Seem to have figured the cause for the unable to create plugin manager: nvml init failed: ERROR_LIBRARY_NOT_FOUND error.

The helm chart (0.16.0, 0.16.1) drops SYS_ADMIN capability which prevents the GPU discovery. Below is the daemonset diff between 0.15.1 and 0.16.1

image

The related code https://github.com/NVIDIA/k8s-device-plugin/blob/v0.16.1/deployments/helm/nvidia-device-plugin/templates/_helpers.tpl#L91-L105

After adding SYS_ADMIN back to the daemonset - everything is working as expected.

You can also see an empty DEVICE_PLUGIN_MODE environment variable being added there, it shouldn't be present there when devicePlugin.mode isn't set. This doesn't break anything, but just thought to highlight it.

andy108369 commented 1 month ago

Reverting this https://github.com/NVIDIA/k8s-device-plugin/commit/4ca56ae17533724910f6e246f08dd0db7b3c37cd commit puts SYS_ADMIN back (and it also sets NVIDIA_MIG_MONITOR_DEVICES=all and removes allowPrivilegeEscalation=false; but these aren't required; only SYS_ADMIN is required)

image

andy108369 commented 1 month ago

cc @jakubkrzykowski @elezar

andy108369 commented 1 month ago

Workaround

The quick workaround is to pass securityContext.capabilities.add[0]=SYS_ADMIN to the chart, e.g.:

helm upgrade --install nvdp nvdp/nvidia-device-plugin \
  --namespace nvidia-device-plugin \
  --create-namespace \
  --version 0.16.1 \
  --set runtimeClassName="nvidia" \
  --set deviceListStrategy=volume-mounts \
  --set securityContext.capabilities.add[0]=SYS_ADMIN
elezar commented 1 month ago

Thanks for reporting this @andy108369. Looking at the intent of the nvidia-device-plugin.securityContext helper, it should only be setting SYS_ADMIN when MIG devices are being used (i.e. the mig-strategy is not none). The changes from #675 are correct if this is the intent, but it seems as if the SYS_ADMIN requirement is more general now.
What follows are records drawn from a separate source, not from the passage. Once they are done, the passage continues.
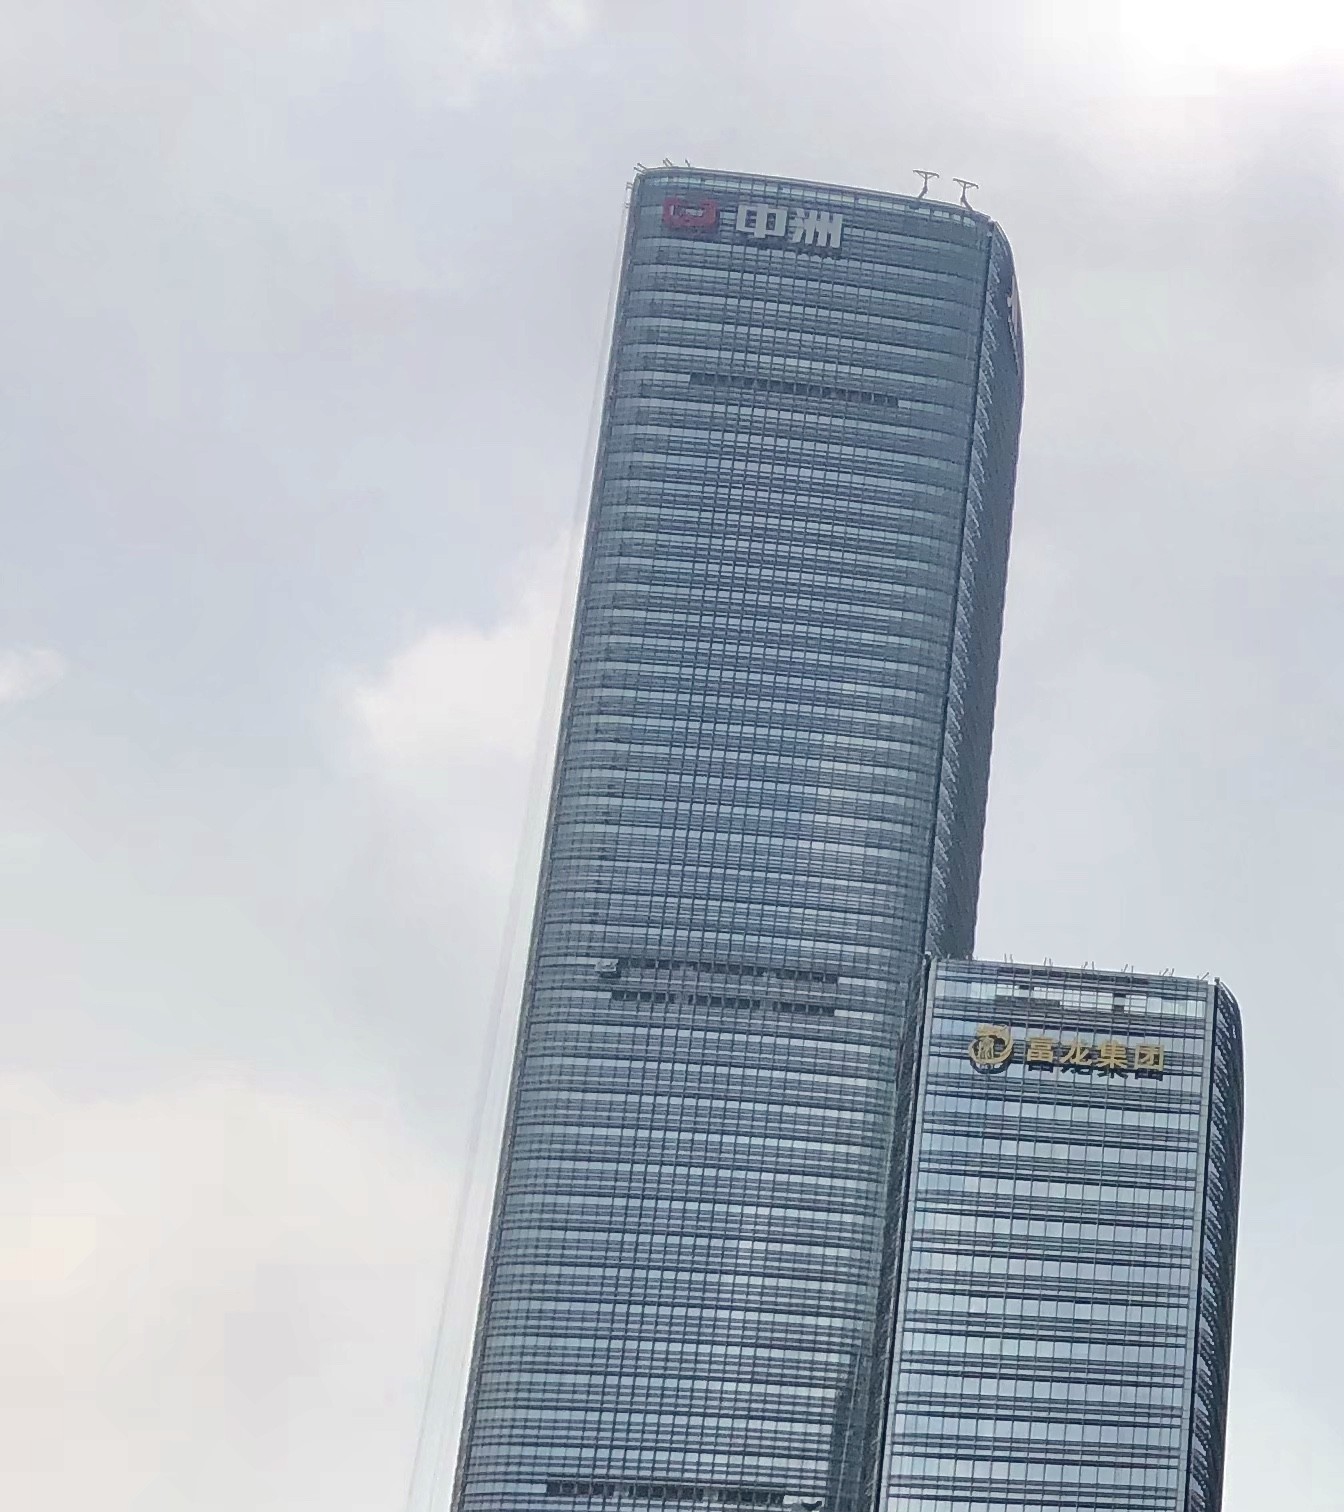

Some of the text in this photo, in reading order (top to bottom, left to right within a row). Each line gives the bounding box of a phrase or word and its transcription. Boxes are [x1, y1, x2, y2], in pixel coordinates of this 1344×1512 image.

[737, 204, 843, 248] 中洲
[1026, 1037, 1164, 1071] 富龙集团
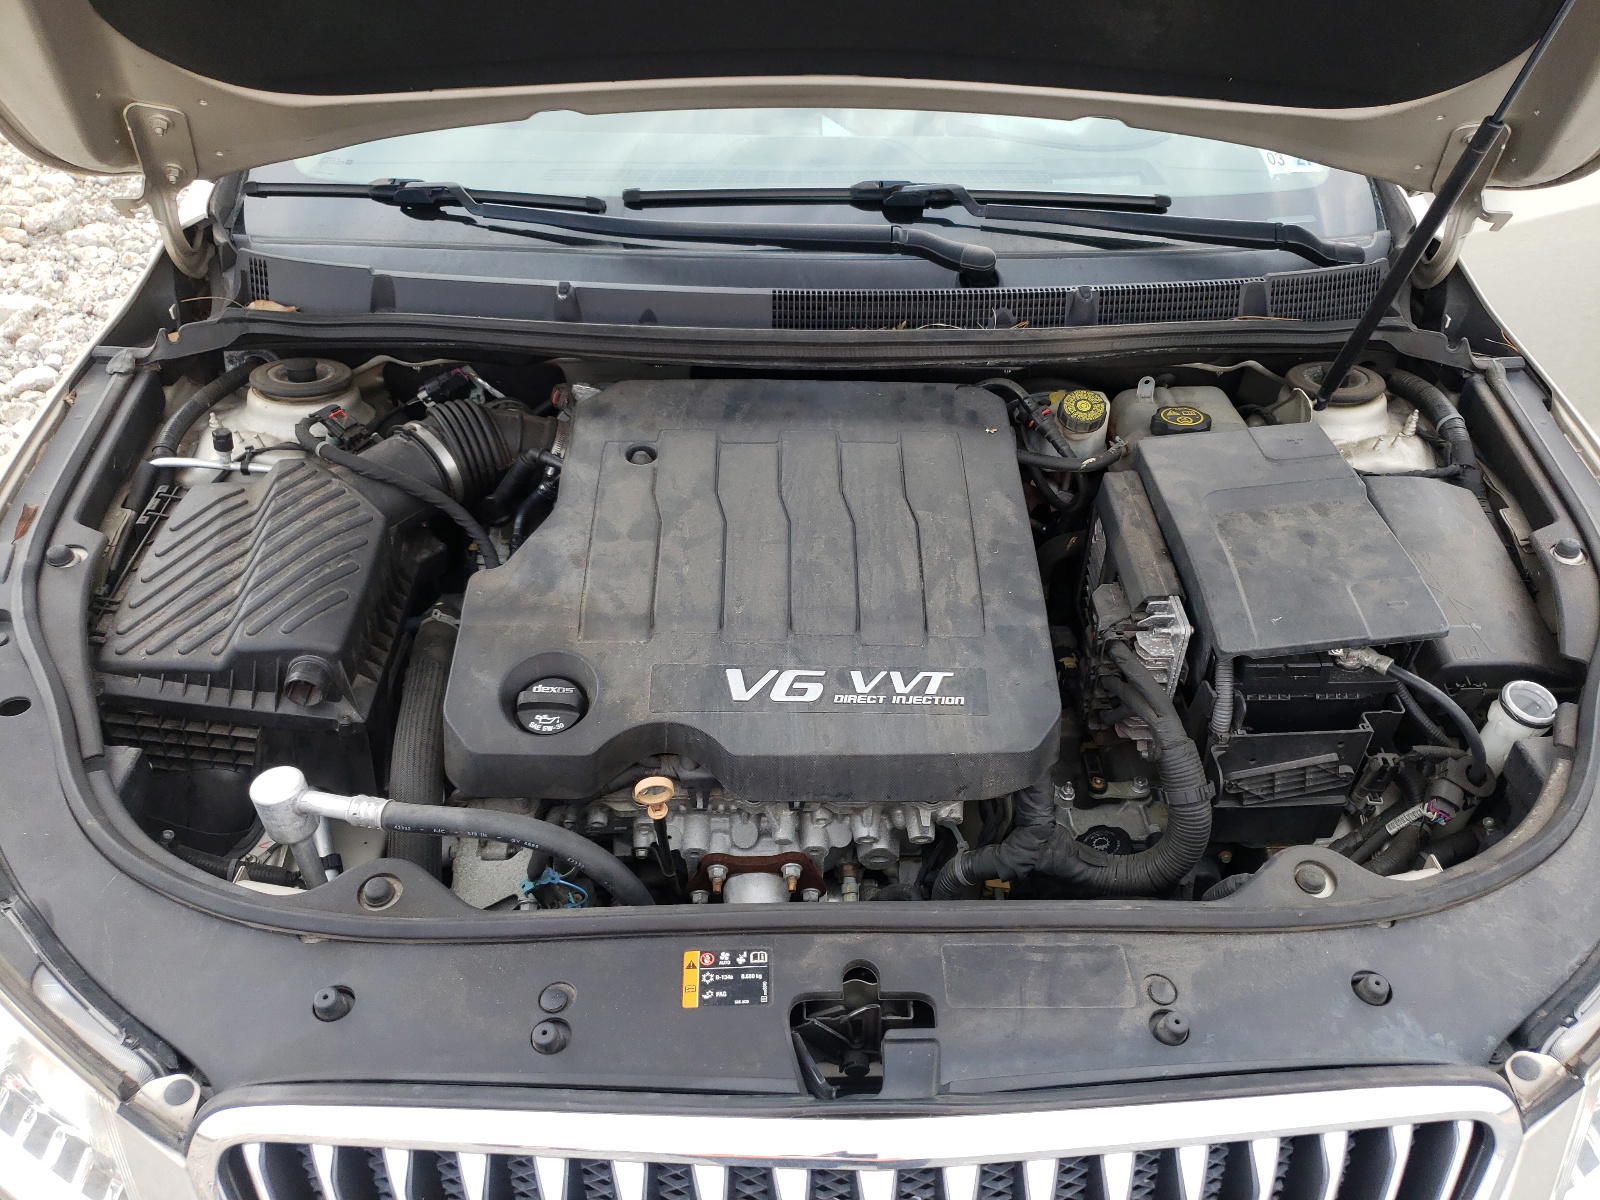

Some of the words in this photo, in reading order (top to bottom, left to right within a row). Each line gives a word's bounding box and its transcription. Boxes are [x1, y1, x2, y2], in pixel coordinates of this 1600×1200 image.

[532, 684, 576, 694] dexos
[725, 668, 827, 702] V6
[850, 670, 955, 695] VVT
[833, 694, 887, 705] DIRECT
[891, 695, 965, 706] INJECTION
@klueska do you know of any recent changes that would have affected this behaviour?

Update: For the GPU Operator, we explicitly set the context to privileged, which would explain why we're not seeing this issue there.
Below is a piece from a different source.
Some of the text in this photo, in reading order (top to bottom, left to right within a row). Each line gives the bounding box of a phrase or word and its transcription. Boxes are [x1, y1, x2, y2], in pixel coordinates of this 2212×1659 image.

elezar commented 1 month ago

@klueska do you know of any recent changes that would have affected this behaviour?

To answer my own question. These are not recent changes but represents expected behaviour.

The NVIDIA Container Toolkit has the following configuration applied:

# cat /etc/nvidia-container-runtime/config.toml 
accept-nvidia-visible-devices-as-volume-mounts = true
accept-nvidia-visible-devices-envvar-when-unprivileged = false

meaning that we're using volume mounts to select GPUs (which is also confirmed by deviceListStrategy=volume-mounts) and disabling support for the NVIDIA_VISIBLE_DEVICES envvar in non-privileged / non CAP_SYS_ADMIN containers. Since the device plugin by default uses the envvar, this implies that it must run with CAP_SYS_ADMIN or privileged to have the NVIDIA driver libraries and devices injected.
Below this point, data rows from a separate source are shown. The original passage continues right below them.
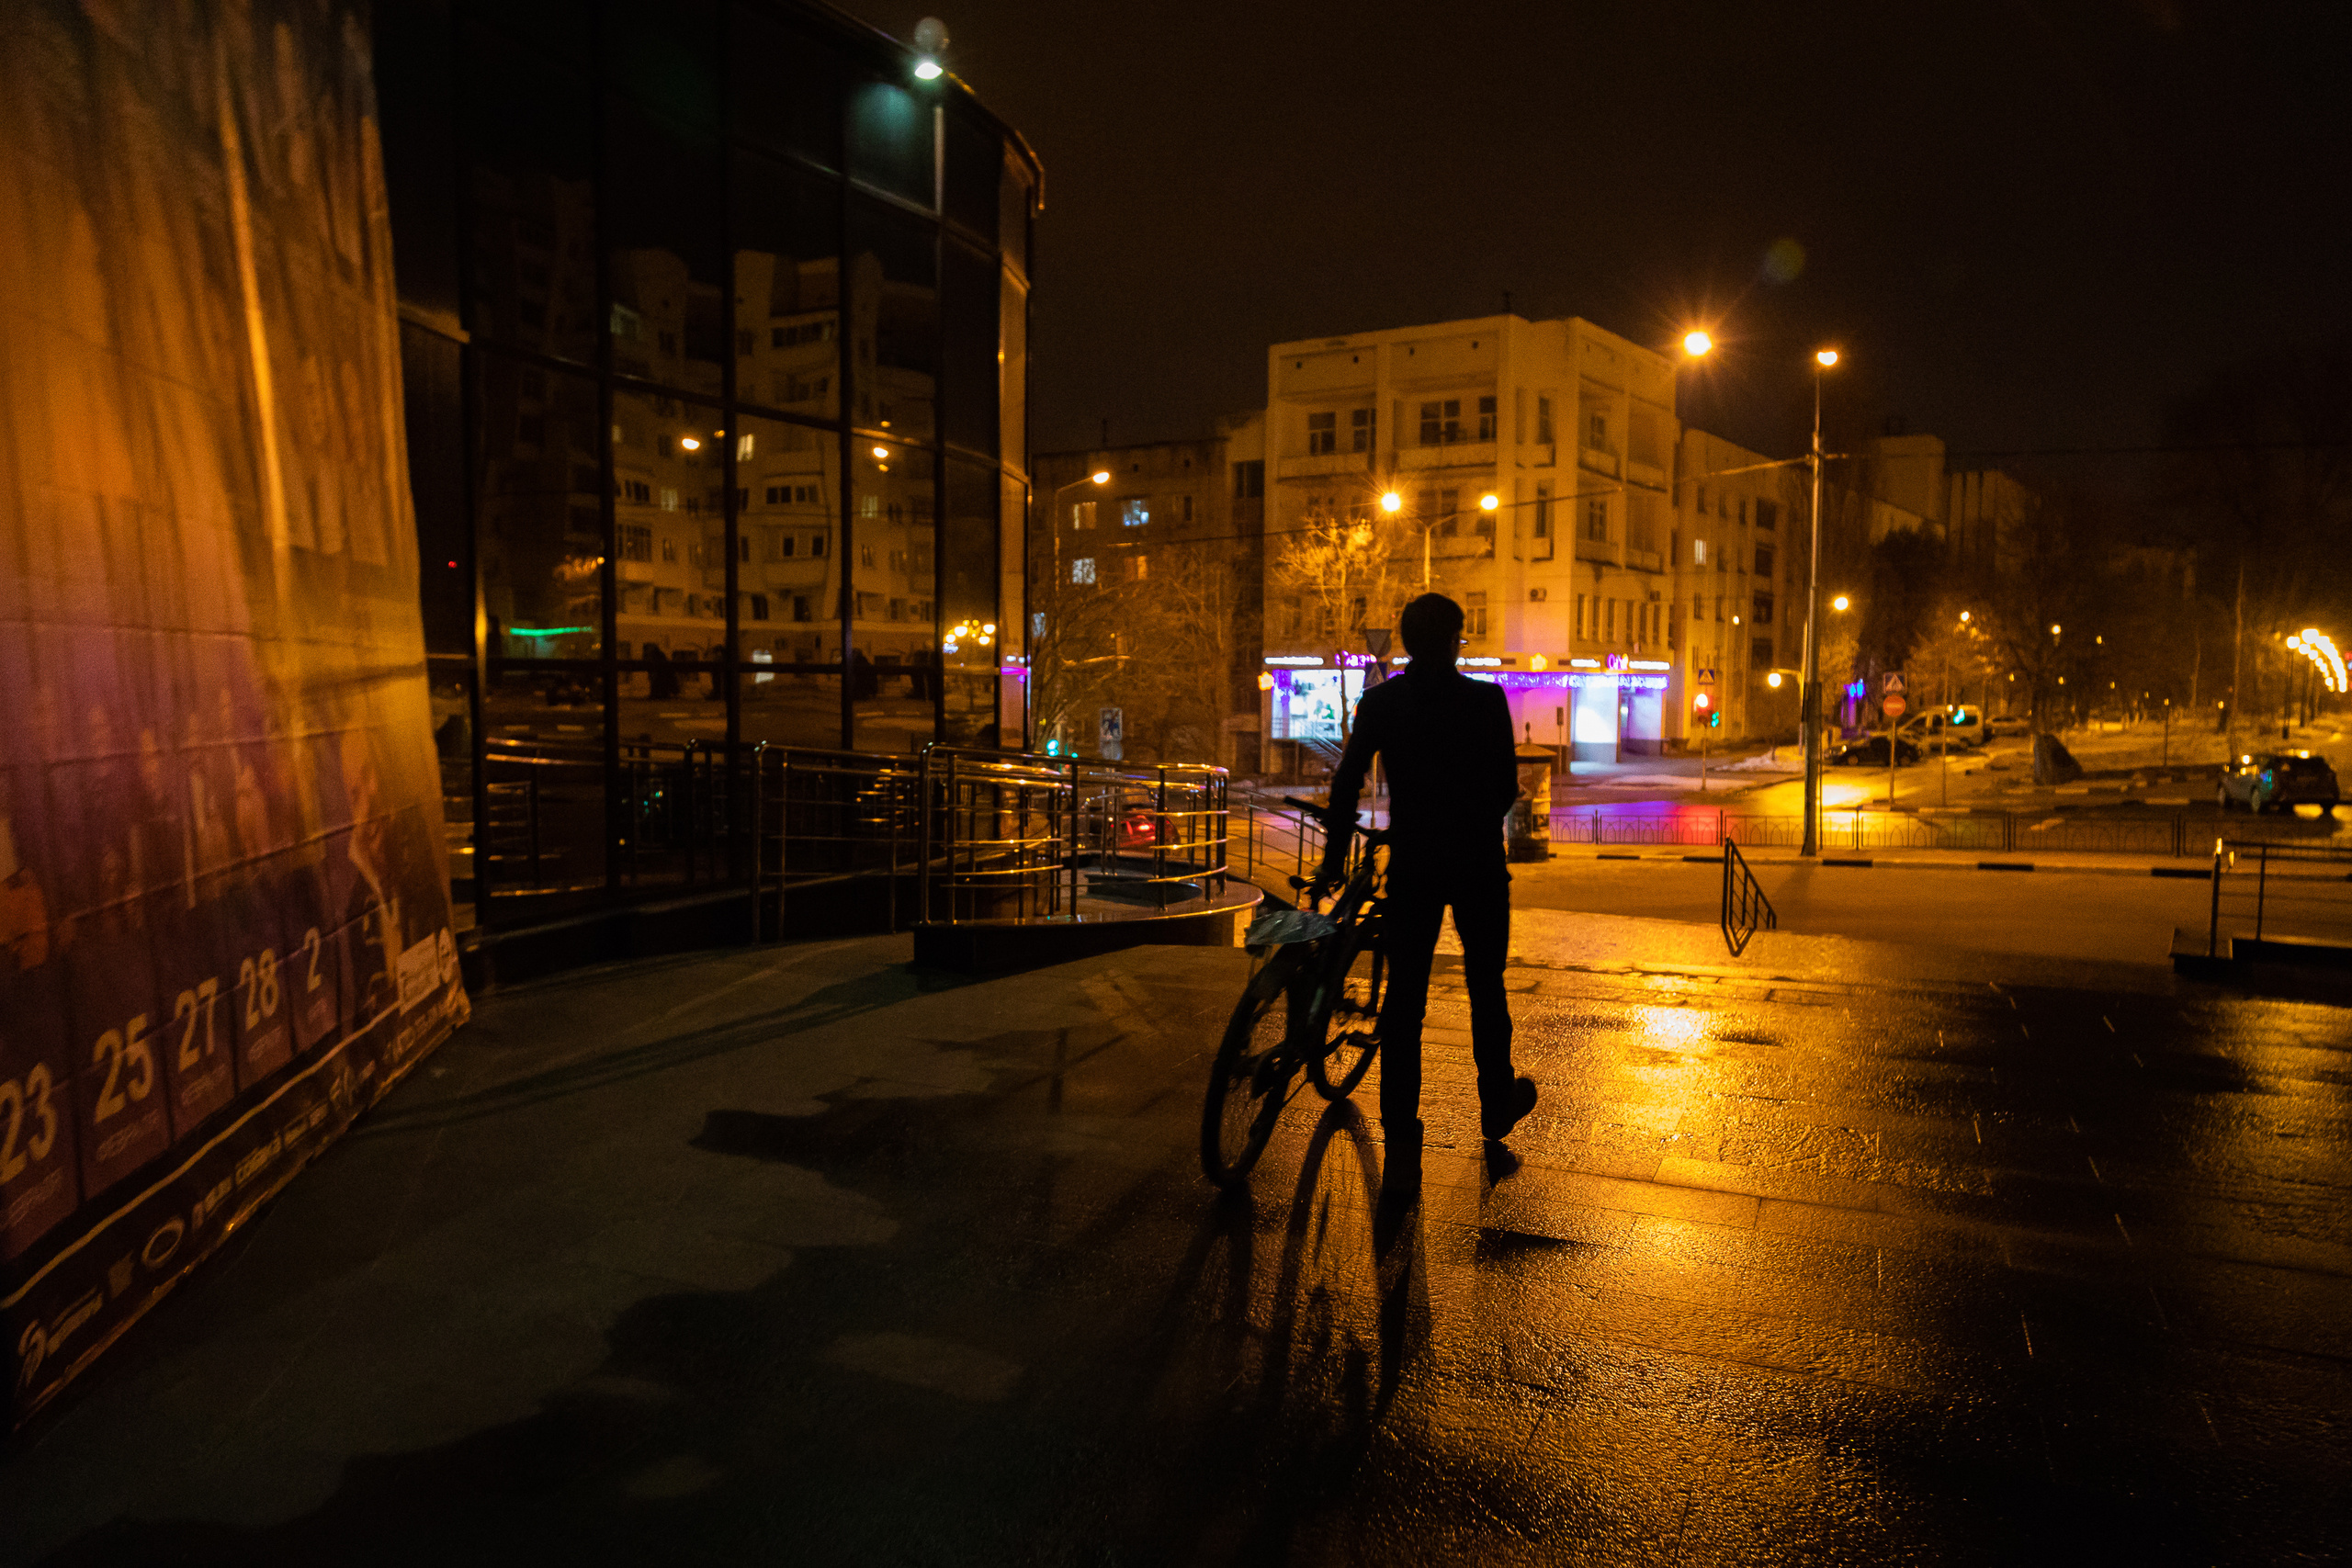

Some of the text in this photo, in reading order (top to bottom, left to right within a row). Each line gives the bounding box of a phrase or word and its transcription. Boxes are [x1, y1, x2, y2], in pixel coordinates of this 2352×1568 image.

[240, 948, 280, 1032] 28
[303, 927, 322, 992] 2
[93, 1013, 153, 1123] 25
[175, 976, 219, 1072] 27
[0, 1062, 57, 1185] 23
elezar commented 1 month ago

The changes were backported in #865 and will be included in the v0.16.2 device plugin release.

elezar commented 1 month ago

@andy108369 we have just released v0.16.2 which should remove the need to specify the securityContext explicitly. Could you confirm that this addresses your problems and reopen this issue if this is not the case.